In 2018 I started reading books about time management. There are a LOT. But of all the ones I’ve read, I’ve realized I’ve been using a system for a while now that basically comprises these four books:
- The Four Disciplines of Execution
- Business Made Simple
- The 7 Habits of Highly Effective People.
Ideally, read those. But my guess is that if you’re already struggling with time management, reading four books sounds overwhelming. So, here’s my breakdown.
Time Management for Artists: My Basic System
- Start with the end in mind. How far? Well, your death. In other words, write your own eulogy. And write it as an aspirational identity. Because this is the person you’re striving to be. Once you know your eulogy, it will be a filter for future decision-making. For example, I try to respond to every listener who emails me because it says in my eulogy, “It was not just through his songs that he connected with people. Every time a listener emailed or reached out on social media, he treated them as a friend. He answered their questions and helped them on their journey.”

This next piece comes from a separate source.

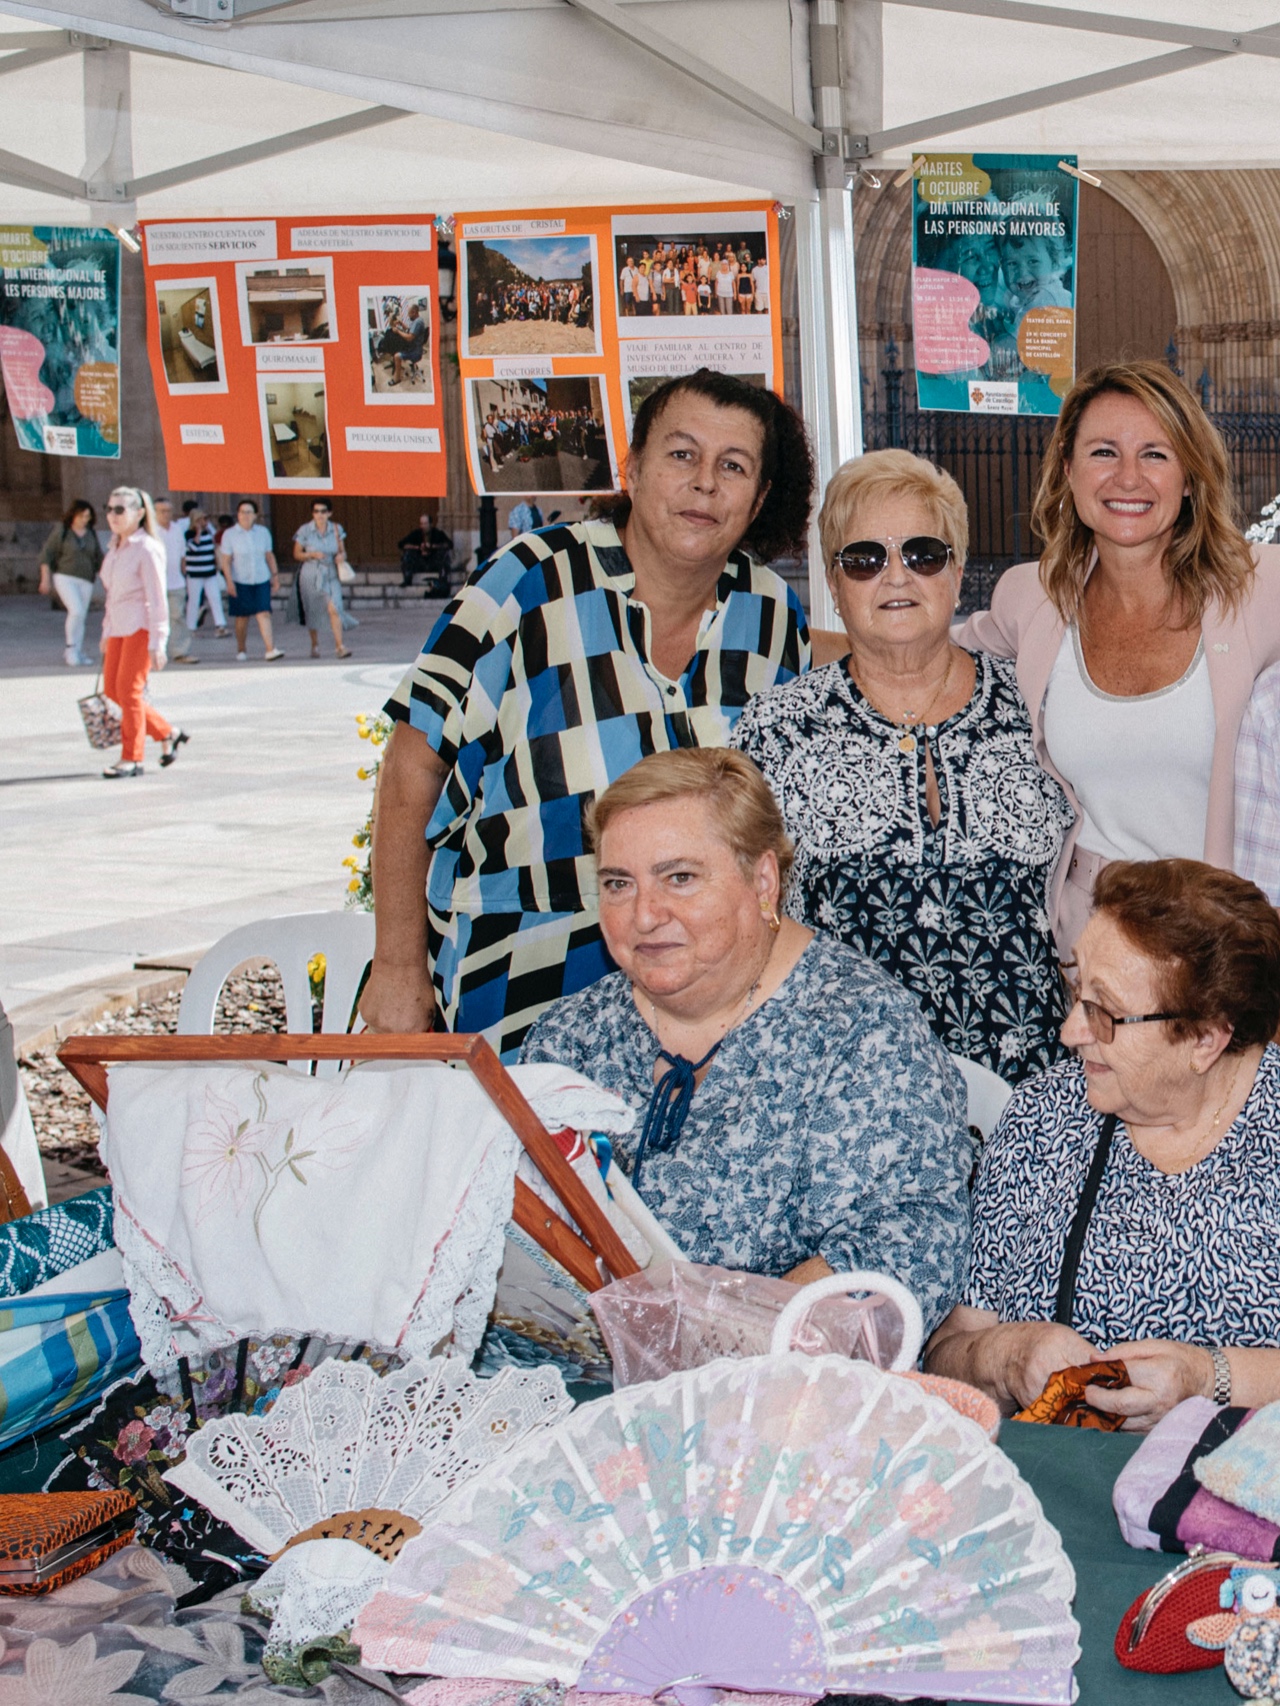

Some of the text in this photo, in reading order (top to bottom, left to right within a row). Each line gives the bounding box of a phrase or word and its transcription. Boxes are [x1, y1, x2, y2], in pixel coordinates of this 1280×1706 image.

- Make your goals very specific and use this template: “I will accomplish X by Y because of Z.” Where X is your goal, Y is the exact date, and Z is why it’s important to you. For example, here’s one of mine: “I will publish one newsletter every Thursday because I want to provide extra value and connection to my listening community.” When you lose motivation, remind yourself of the why.
- Focus on your lead measurements, not lag. A lag measurement is called a lag because by the time you’re measuring it, there’s nothing you can do about it. A scale, for example. I stepped on it this morning and hated what I saw. But it was already too late to lose five pounds, so I looked at my lead measurements. What are lead measurements? Indicators that you’ll reach your goal. Basically sub goals. Make 3 to 5 for each main goal and use the same XYZ template. For example, “I will brainstorm 7-10 newsletter topics every Monday morning so that I don’t feel panicked by Thursday.”
- Be kind to yourself. You’re going to have days when you do nothing. That’s okay. Sometimes you won’t reach your goal. That’s okay. Sometimes life will throw you a curveball. Adjust your goals and expectations. Ultimately the most important things that have to get done will get done. My system for fixing the roof is to do it when it starts leaking.
So that’s my system. I hope it helps. Reply to this email if you have comments or questions, and best of luck out there!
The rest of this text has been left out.